Prompt | One exact copy of the listing, minus the images, is the required answer.

******

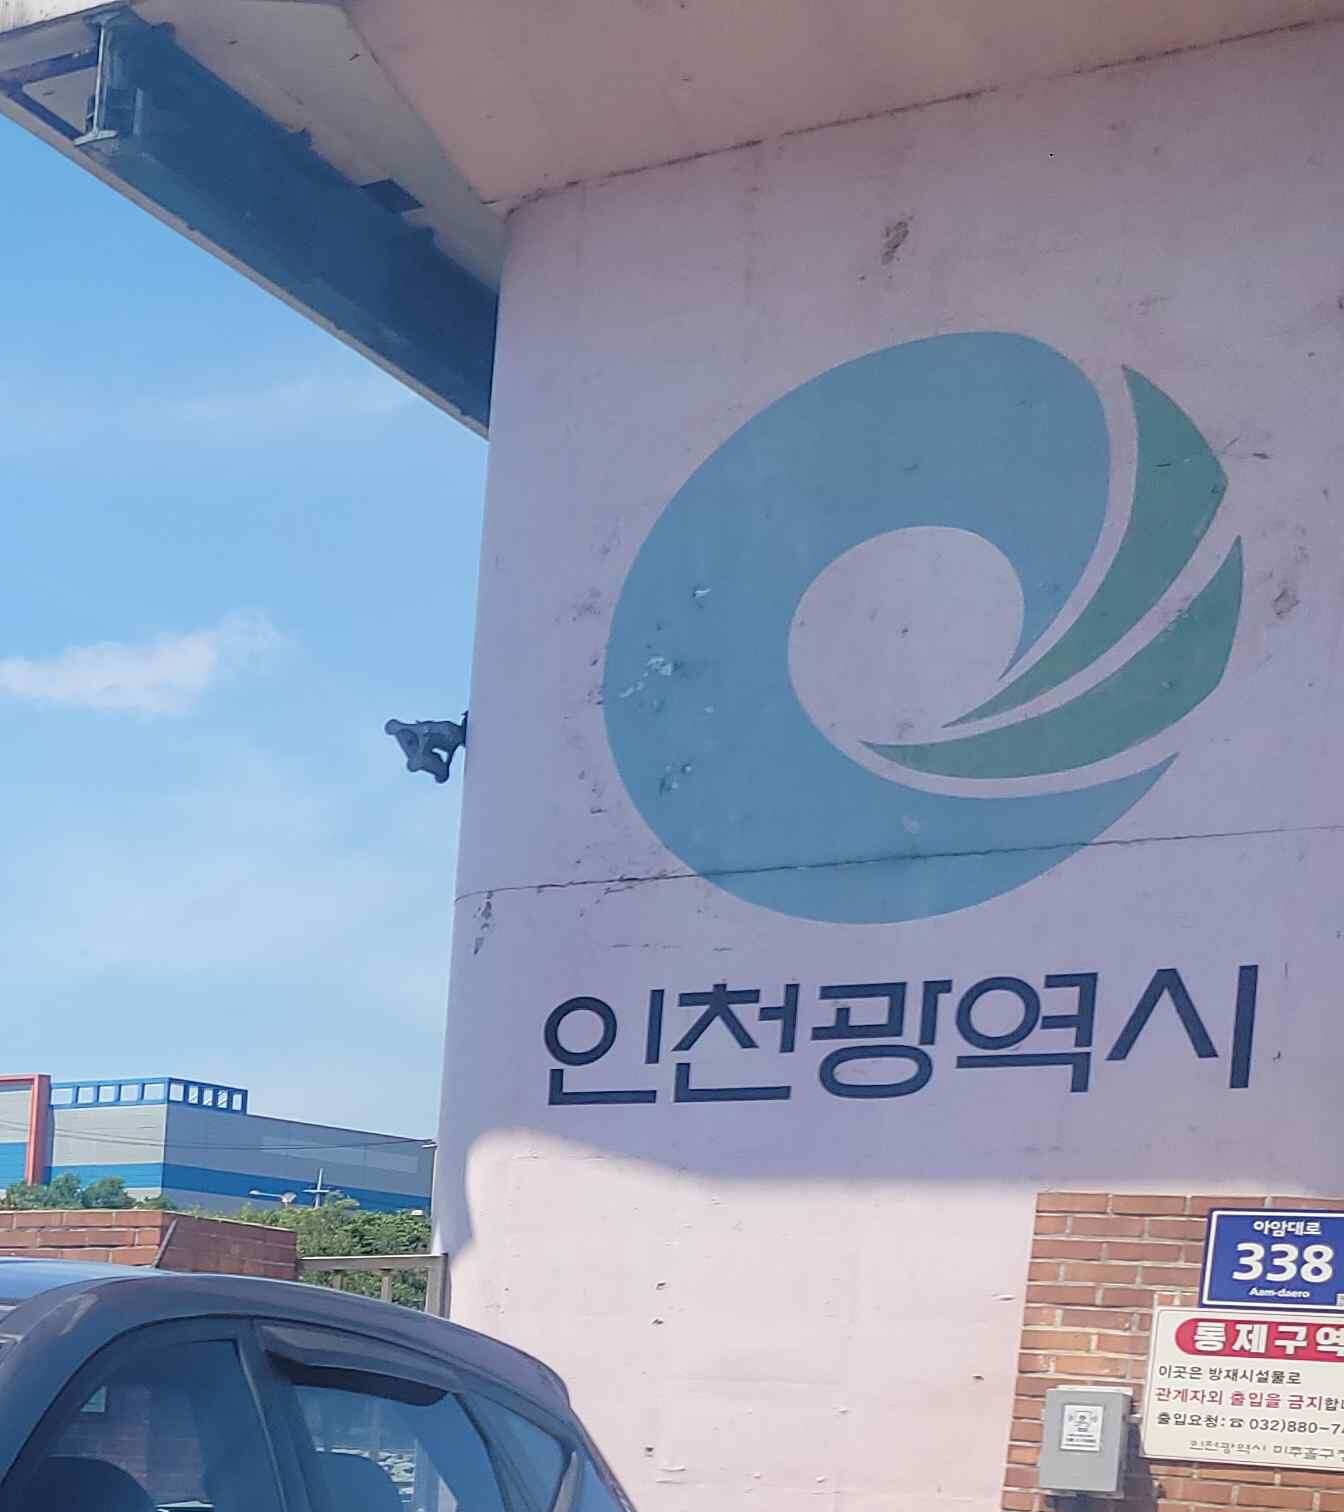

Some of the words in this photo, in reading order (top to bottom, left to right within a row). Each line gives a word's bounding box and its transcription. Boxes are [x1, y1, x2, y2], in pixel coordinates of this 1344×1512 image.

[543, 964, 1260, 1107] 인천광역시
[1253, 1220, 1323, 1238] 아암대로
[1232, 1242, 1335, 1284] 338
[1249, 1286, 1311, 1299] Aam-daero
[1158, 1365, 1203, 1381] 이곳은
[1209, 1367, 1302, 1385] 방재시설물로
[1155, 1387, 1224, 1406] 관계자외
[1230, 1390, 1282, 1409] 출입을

******

Answer for this exercise |
Some of the words in this photo, in reading order (top to bottom, left to right within a row). Each line gives a word's bounding box and its transcription. Boxes are [x1, y1, x2, y2], in pixel coordinates of this 1344×1512 image.

[543, 964, 1260, 1107] 인천광역시
[1253, 1220, 1323, 1238] 아암대로
[1232, 1242, 1335, 1284] 338
[1249, 1286, 1311, 1299] Aam-daero
[1158, 1365, 1203, 1381] 이곳은
[1209, 1367, 1302, 1385] 방재시설물로
[1155, 1387, 1224, 1406] 관계자외
[1230, 1390, 1282, 1409] 출입을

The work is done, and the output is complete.